> **INPUT FOR THIS TASK**
==*==
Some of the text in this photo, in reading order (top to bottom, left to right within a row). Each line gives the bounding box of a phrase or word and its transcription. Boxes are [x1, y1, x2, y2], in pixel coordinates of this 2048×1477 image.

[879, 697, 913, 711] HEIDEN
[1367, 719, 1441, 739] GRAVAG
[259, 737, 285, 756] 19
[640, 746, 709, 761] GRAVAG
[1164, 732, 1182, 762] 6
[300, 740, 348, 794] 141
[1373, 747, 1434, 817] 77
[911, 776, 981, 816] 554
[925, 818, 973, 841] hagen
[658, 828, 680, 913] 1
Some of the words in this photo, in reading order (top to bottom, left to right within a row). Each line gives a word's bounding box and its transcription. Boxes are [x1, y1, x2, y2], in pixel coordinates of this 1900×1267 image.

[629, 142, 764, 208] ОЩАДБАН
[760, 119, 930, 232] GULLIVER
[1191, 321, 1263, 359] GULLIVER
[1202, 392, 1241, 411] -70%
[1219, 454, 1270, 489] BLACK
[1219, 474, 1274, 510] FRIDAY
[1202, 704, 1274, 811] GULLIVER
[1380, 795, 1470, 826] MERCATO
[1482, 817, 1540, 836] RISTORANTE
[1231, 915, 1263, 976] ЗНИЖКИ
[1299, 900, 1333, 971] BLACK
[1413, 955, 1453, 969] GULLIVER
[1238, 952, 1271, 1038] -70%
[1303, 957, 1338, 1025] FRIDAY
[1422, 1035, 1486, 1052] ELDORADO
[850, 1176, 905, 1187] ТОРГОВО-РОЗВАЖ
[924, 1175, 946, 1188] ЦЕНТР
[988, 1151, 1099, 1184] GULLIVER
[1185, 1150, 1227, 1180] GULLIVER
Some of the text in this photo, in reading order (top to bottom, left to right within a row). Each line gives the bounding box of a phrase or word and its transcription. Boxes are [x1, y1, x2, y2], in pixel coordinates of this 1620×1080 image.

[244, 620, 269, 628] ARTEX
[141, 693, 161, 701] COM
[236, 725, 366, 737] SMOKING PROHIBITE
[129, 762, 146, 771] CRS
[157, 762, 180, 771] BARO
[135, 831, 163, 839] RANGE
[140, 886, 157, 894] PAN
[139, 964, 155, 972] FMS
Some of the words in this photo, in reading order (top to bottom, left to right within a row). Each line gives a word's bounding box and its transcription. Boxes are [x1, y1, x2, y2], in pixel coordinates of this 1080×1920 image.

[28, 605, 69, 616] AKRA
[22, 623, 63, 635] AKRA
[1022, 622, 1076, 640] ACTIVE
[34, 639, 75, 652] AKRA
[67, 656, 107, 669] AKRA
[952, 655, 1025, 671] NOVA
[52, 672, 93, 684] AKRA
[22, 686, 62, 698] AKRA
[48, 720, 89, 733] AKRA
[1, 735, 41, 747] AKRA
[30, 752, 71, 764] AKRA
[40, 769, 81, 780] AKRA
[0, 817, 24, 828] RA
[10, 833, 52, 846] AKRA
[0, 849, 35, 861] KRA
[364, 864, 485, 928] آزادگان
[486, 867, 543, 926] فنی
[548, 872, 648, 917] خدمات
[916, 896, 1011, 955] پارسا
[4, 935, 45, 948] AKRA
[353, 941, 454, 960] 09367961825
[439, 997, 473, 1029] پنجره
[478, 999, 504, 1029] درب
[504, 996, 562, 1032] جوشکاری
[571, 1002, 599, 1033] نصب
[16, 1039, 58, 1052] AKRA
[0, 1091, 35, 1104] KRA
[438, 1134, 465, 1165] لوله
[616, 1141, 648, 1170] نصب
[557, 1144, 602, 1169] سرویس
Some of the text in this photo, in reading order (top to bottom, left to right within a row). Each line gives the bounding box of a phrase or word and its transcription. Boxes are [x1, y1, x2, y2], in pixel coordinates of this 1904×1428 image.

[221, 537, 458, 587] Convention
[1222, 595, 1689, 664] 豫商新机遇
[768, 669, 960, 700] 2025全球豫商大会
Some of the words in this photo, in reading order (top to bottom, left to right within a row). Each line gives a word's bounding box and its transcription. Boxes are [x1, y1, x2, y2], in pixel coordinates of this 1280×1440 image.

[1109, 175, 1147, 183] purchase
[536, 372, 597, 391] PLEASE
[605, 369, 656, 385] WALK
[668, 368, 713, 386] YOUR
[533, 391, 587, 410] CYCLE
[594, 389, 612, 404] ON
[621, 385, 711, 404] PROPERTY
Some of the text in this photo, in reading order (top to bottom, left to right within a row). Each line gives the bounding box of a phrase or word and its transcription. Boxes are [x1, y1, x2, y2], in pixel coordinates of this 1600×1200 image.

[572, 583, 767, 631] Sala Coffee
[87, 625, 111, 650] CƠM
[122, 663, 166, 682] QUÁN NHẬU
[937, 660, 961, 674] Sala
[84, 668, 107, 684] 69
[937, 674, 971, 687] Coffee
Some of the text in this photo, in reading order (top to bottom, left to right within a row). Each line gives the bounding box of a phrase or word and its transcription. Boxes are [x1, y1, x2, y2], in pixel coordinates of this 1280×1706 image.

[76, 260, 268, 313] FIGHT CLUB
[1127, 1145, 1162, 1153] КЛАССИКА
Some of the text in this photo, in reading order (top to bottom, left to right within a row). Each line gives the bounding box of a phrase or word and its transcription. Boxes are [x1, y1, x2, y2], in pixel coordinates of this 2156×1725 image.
==*==
> **EXERCISE**
Copying should begin at the line containing "this 1280×1706 image." and end at the last line of the material, with every line in between reproduced exactly.

> **FINISHED EXERCISE**
Some of the text in this photo, in reading order (top to bottom, left to right within a row). Each line gives the bounding box of a phrase or word and its transcription. Boxes are [x1, y1, x2, y2], in pixel coordinates of this 1280×1706 image.

[76, 260, 268, 313] FIGHT CLUB
[1127, 1145, 1162, 1153] КЛАССИКА
Some of the text in this photo, in reading order (top to bottom, left to right within a row). Each line gives the bounding box of a phrase or word and its transcription. Boxes are [x1, y1, x2, y2], in pixel coordinates of this 2156×1725 image.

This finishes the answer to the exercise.